Only the images are to be dropped; the records themselves must be repeated exactly.

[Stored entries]
● ● ●
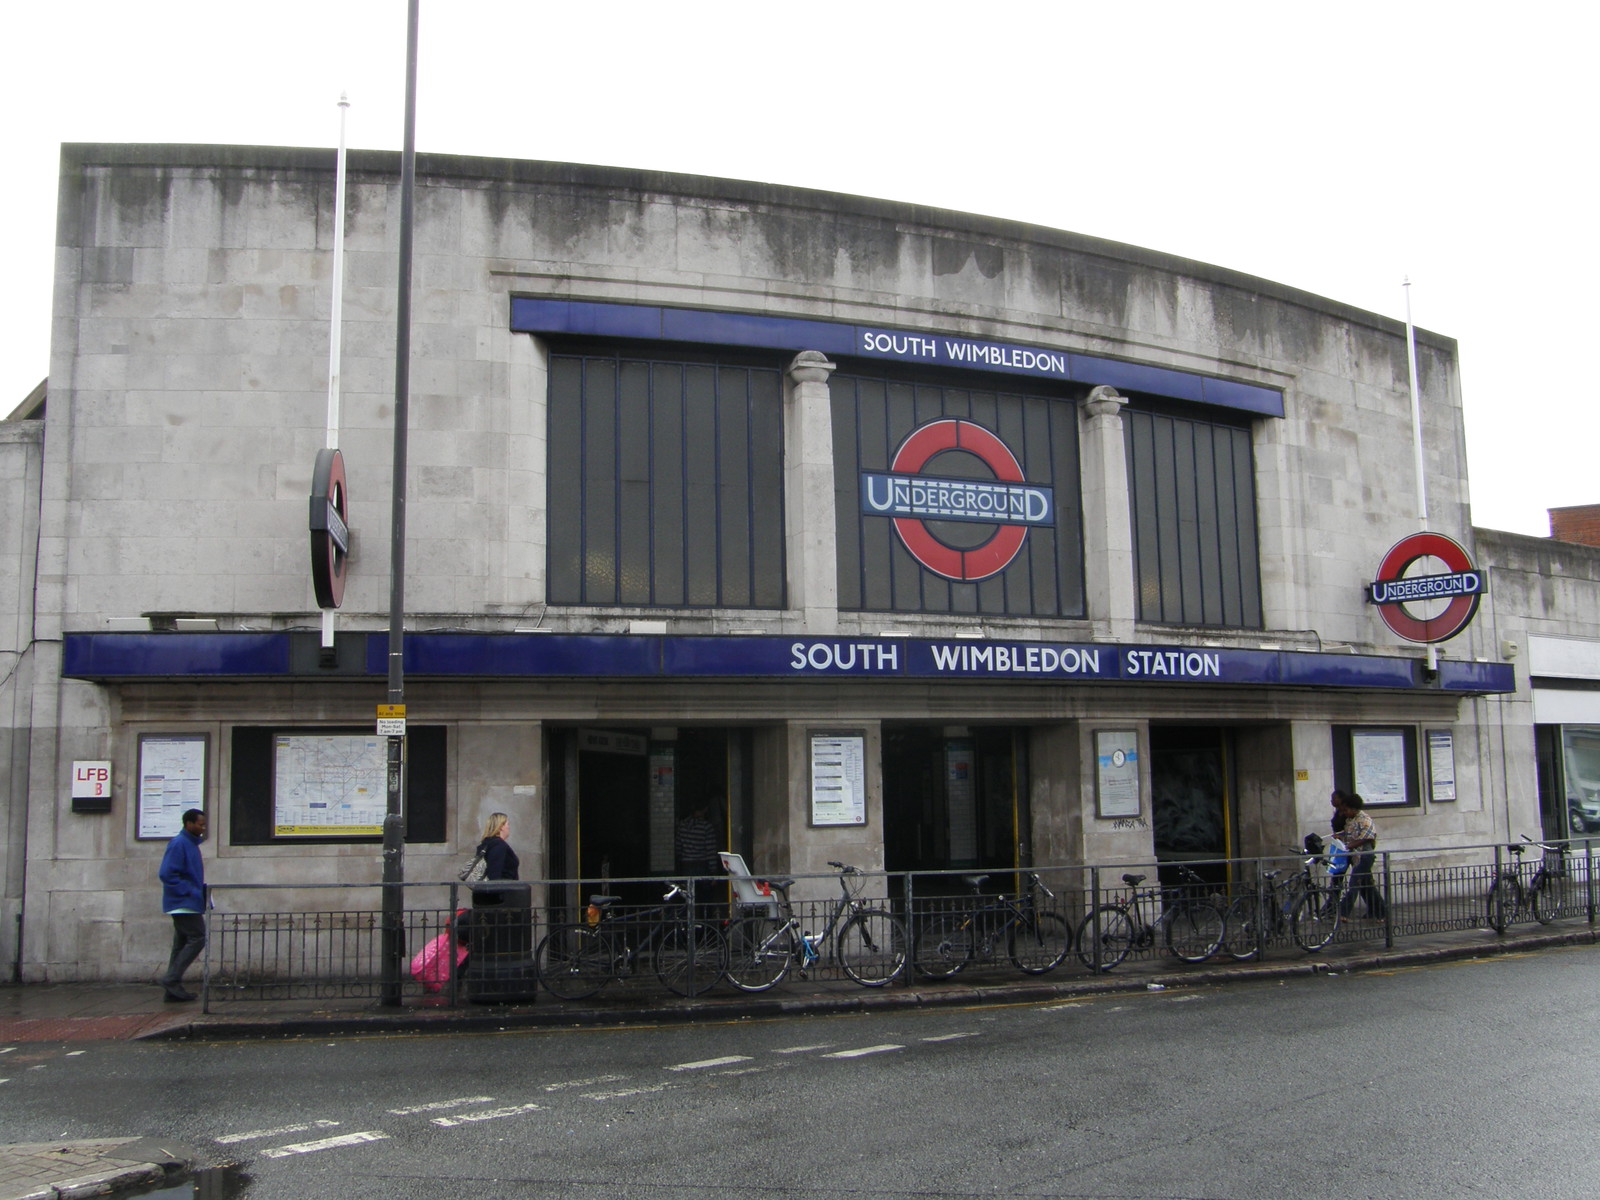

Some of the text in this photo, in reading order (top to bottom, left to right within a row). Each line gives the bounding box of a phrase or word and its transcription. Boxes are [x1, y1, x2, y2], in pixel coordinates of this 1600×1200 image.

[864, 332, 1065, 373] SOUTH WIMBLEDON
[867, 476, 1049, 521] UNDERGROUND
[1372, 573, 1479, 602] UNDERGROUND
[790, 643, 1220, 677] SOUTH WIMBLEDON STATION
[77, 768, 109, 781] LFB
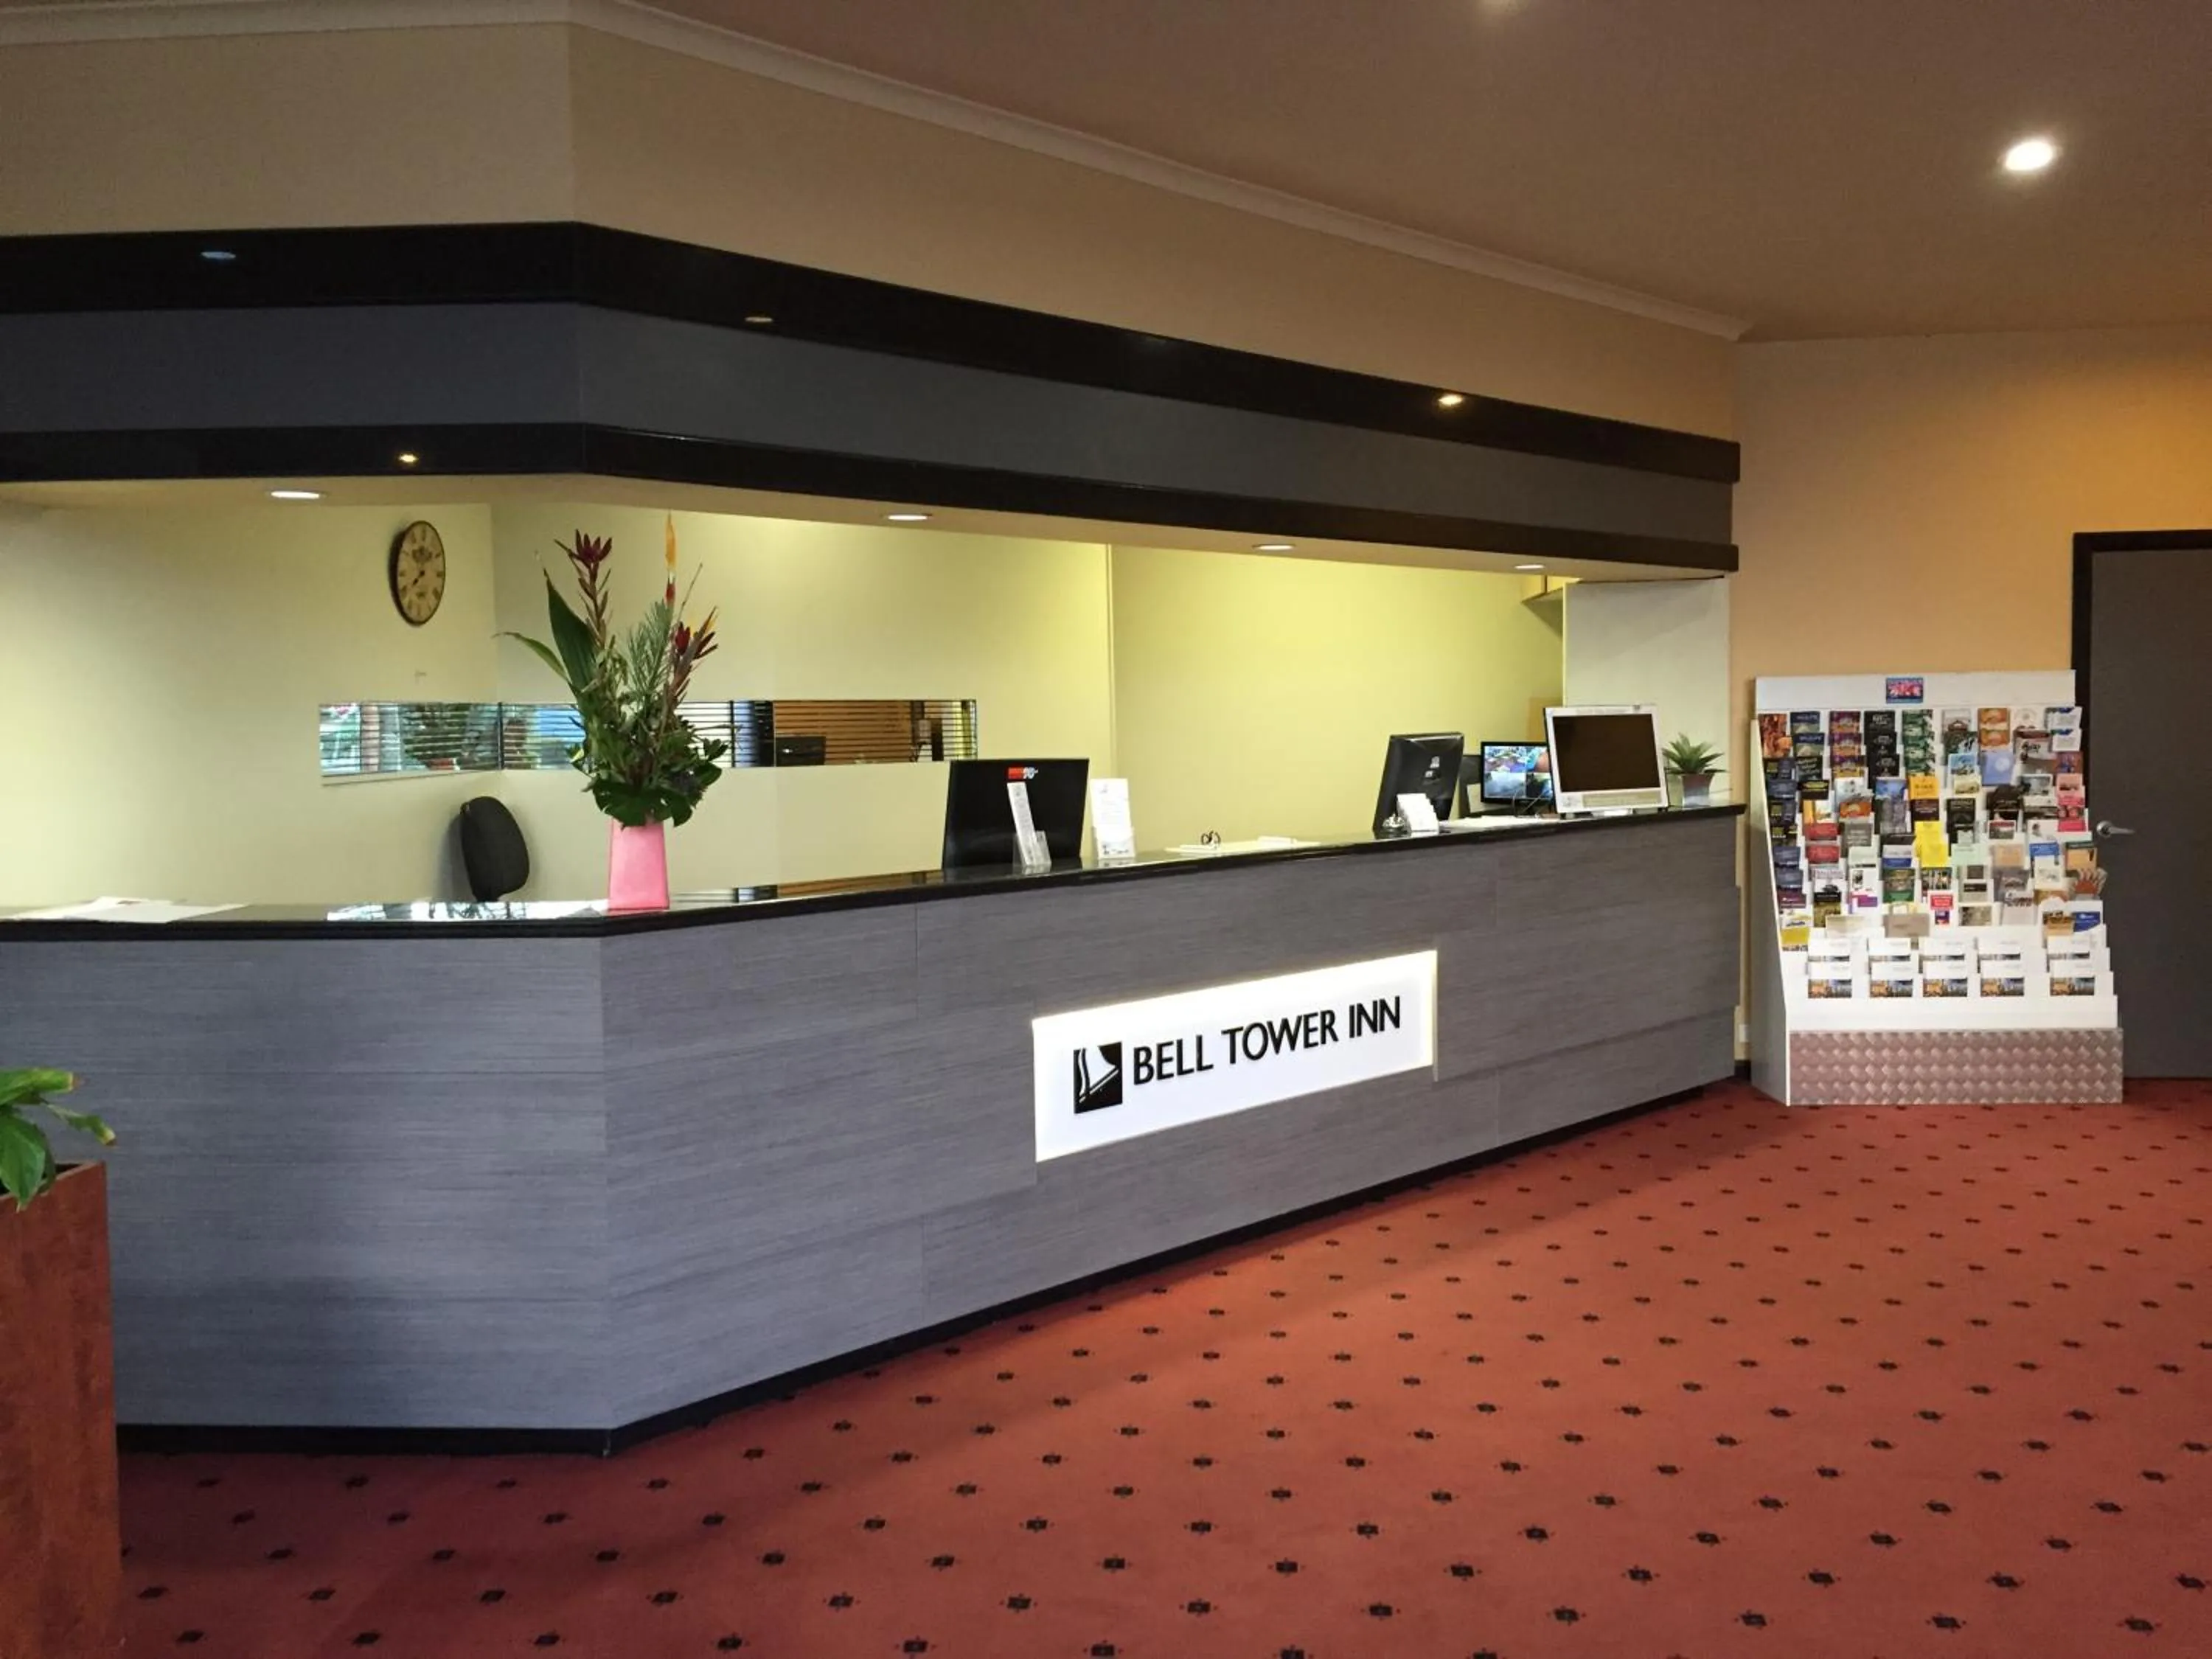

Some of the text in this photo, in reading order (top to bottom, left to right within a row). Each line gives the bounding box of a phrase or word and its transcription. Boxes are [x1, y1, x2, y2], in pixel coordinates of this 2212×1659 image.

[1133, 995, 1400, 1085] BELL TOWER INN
● ● ●
| Answer below |
Some of the text in this photo, in reading order (top to bottom, left to right within a row). Each line gives the bounding box of a phrase or word and its transcription. Boxes are [x1, y1, x2, y2], in pixel coordinates of this 1600×1200 image.

[864, 332, 1065, 373] SOUTH WIMBLEDON
[867, 476, 1049, 521] UNDERGROUND
[1372, 573, 1479, 602] UNDERGROUND
[790, 643, 1220, 677] SOUTH WIMBLEDON STATION
[77, 768, 109, 781] LFB

Some of the text in this photo, in reading order (top to bottom, left to right within a row). Each line gives the bounding box of a phrase or word and its transcription. Boxes are [x1, y1, x2, y2], in pixel coordinates of this 2212×1659 image.

[1133, 995, 1400, 1085] BELL TOWER INN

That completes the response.